See our ASVAB study guide for a study plan focused on the GT composite.
Work Environment
Setting and Schedule
Most 922As work in or around dining facilities, food service offices, and installation food program management offices. The physical work environment is a mix of office work (budget planning, training coordination, inspection reporting) and hands-on DFAC oversight. Daily work involves reviewing subsistence accountability records, conducting or supervising food safety inspections, and advising unit leadership on food service status.
In garrison, a 922A at a brigade might oversee one or two DFACs serving several hundred soldiers. At an installation level, a senior 922A may manage multiple contracted and government-run dining facilities across the post, with oversight of civilian and military food service personnel.
Position in the Unit
The 922A sits outside the NCO support channel and outside the traditional command chain. At the brigade or battalion level, the 922A typically works for the S4 (logistics officer) or reports through the Food Service Sergeant (92G SGT or SSG) chain up to the warrant officer. They advise the commander, not execute the commander’s orders through an NCO chain.
At installation level, a senior 922A may function as the senior food service advisor to the Directorate of Family and Morale, Welfare, and Recreation (DFMWR) or the garrison command. The relationship with 92G enlisted soldiers is one of technical oversight: the warrant officer sets standards and trains the force, while the NCOs execute daily operations.
Technical vs. Staff Balance
Junior warrant officers (WO1 and CW2) spend most of their time doing hands-on technical work, directly managing DFACs, running inspections, and training enlisted food service soldiers. By CW3, the balance shifts toward advisory and staff functions: developing food service policy, evaluating programs across a command, and serving on higher-echelon staffs.

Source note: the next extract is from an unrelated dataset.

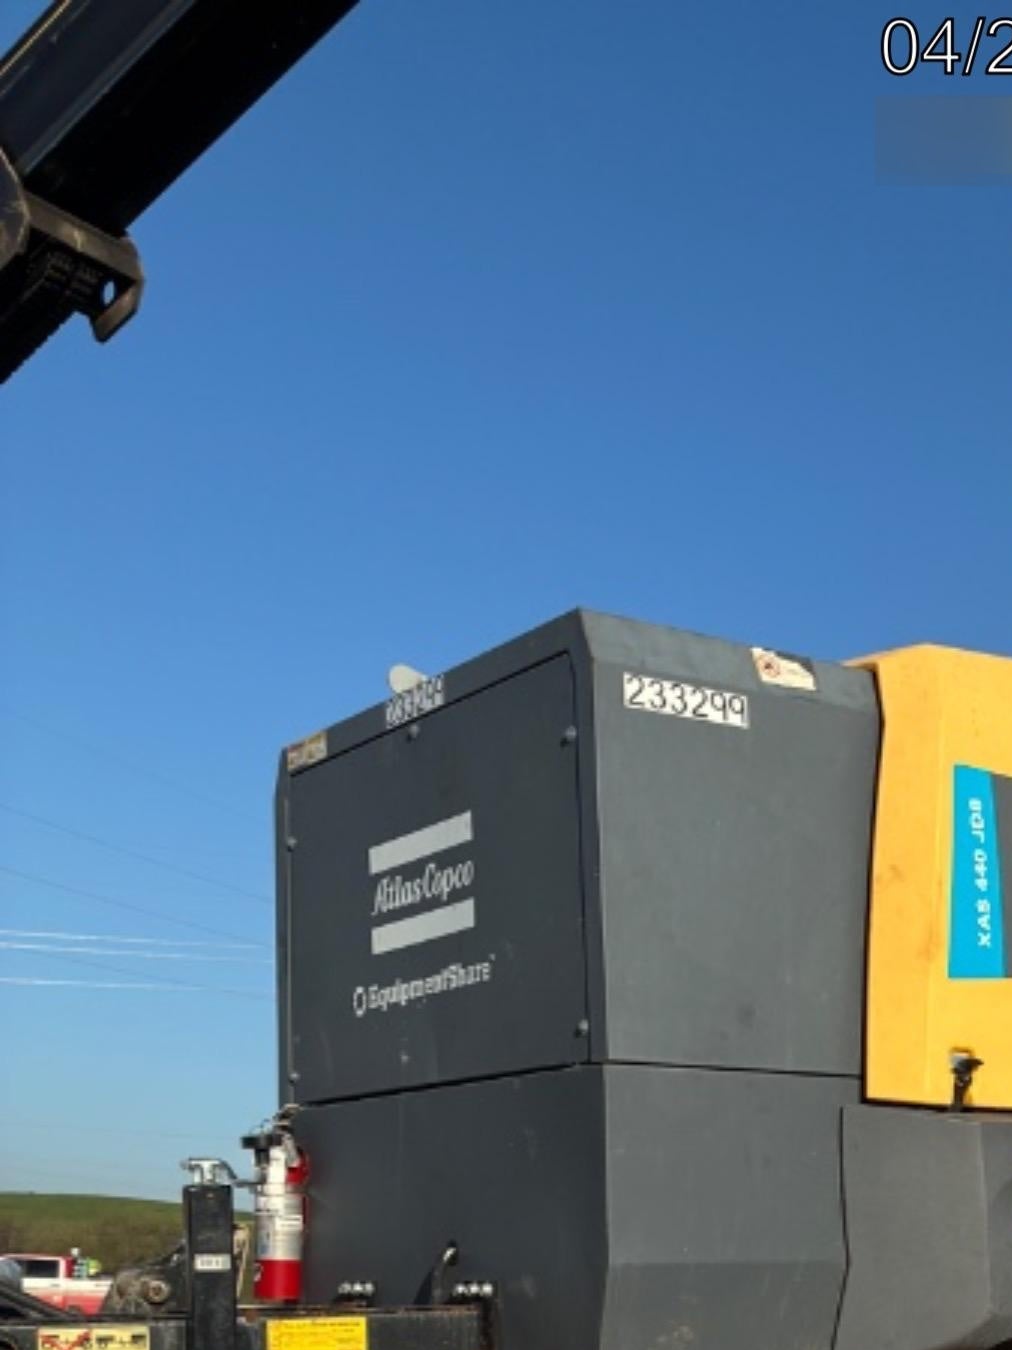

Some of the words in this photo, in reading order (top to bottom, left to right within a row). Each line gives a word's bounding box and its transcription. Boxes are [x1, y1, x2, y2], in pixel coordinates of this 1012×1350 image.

[624, 671, 747, 725] 233299
[973, 848, 988, 891] 440
[976, 898, 992, 948] XAS
[368, 961, 491, 1012] EquipmentShare

CW4 and CW5 warrant officers fill senior staff advisory positions at installation commands, division sustainment brigades, or Army-level food program offices. The senior 922A at a major command is the Army Food Advisor, the technical authority on all things food service for that headquarters.

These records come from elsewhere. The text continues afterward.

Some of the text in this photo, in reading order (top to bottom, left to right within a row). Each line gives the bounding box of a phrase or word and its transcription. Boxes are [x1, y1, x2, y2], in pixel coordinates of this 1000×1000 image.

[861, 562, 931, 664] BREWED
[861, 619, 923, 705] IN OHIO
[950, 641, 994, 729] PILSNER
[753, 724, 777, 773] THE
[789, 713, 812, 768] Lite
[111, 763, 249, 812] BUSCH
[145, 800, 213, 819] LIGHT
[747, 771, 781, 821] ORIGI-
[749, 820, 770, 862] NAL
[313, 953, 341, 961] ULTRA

Job Satisfaction and Retention
The 922A community is cohesive partly because it’s small. Warrant officers in this MOS tend to stay: the technical depth required, combined with the niche expertise, makes career military service a logical choice for most. Reasons to leave typically involve civilian food service management opportunities that pay significantly more than base pay, particularly for senior warrant officers with federal contracting experience.

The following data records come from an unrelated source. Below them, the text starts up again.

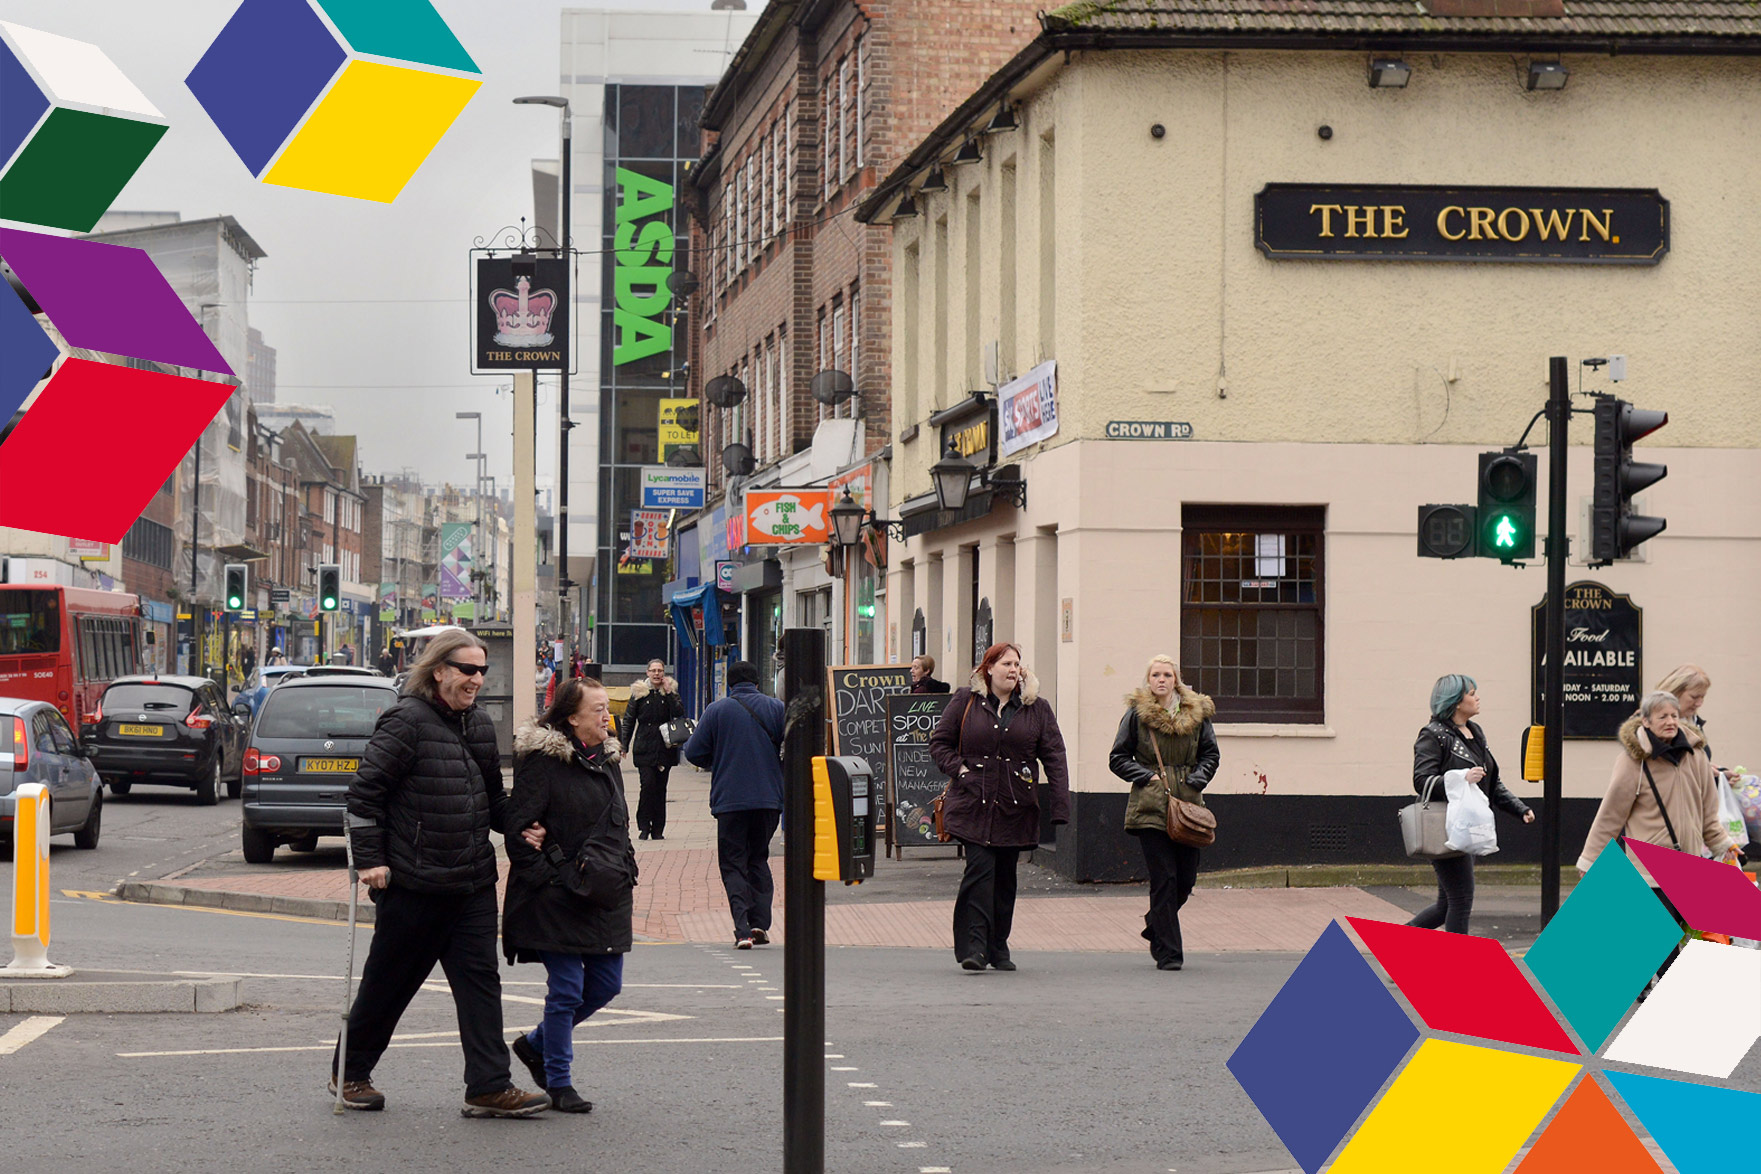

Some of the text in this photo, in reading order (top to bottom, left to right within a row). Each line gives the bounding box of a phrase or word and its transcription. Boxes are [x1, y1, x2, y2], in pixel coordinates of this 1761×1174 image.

[1309, 203, 1410, 239] THE
[613, 166, 675, 367] ASDA
[486, 351, 561, 361] THE CROWN
[1014, 391, 1040, 429] SPORTS
[667, 430, 697, 440] TO LET
[1108, 422, 1166, 438] CROWN
[647, 473, 700, 484] Lycamobile
[652, 489, 695, 498] SUPER SAVE
[775, 502, 797, 513] FISH
[782, 513, 790, 524] &
[772, 524, 800, 535] CHIPS
[1573, 588, 1603, 599] THE
[1564, 599, 1613, 610] CROWN
[1566, 627, 1610, 642] Food
[1541, 650, 1635, 667] AILABLE
[844, 672, 905, 689] Crown
[1591, 683, 1631, 692] SATURDAY
[1565, 693, 1592, 702] NOON
[1601, 693, 1620, 702] 2.00
[1622, 693, 1636, 702] PM
[907, 700, 938, 714] LIVE
[839, 719, 886, 737] COMPET
[892, 715, 942, 731] SPOR
[123, 725, 142, 734] BK61
[895, 732, 909, 743] at
[909, 728, 928, 744] The
[898, 748, 932, 763] UNDE
[306, 759, 358, 771] KY07 HZJ
[898, 765, 928, 778] NEW

Training and Skill Development
Training Pipeline
| Phase | Location | Focus |
|---|---|---|
| WOCS | Fort Novosel, AL | Leadership, doctrine, officership |
| WOBC 922A | Fort Gregg-Adams, VA | Food service management, field feeding, sanitation, nutrition, budgeting |
| WOAC 922A | Fort Gregg-Adams, VA | Advanced food service systems, senior advisor functions |
Warrant Officer Basic Course (WOBC)
The 922A WOBC is conducted at the U.S. Army Quartermaster Center and School, Fort Gregg-Adams, Virginia. It covers food service program management, garrison and field feeding operations, subsistence procurement and accountability, food safety and sanitation regulations, nutrition program administration, and budget planning. The course goes significantly deeper than enlisted 92G AIT, shifting from individual cook tasks to program management and regulatory compliance across an entire command’s food service operations.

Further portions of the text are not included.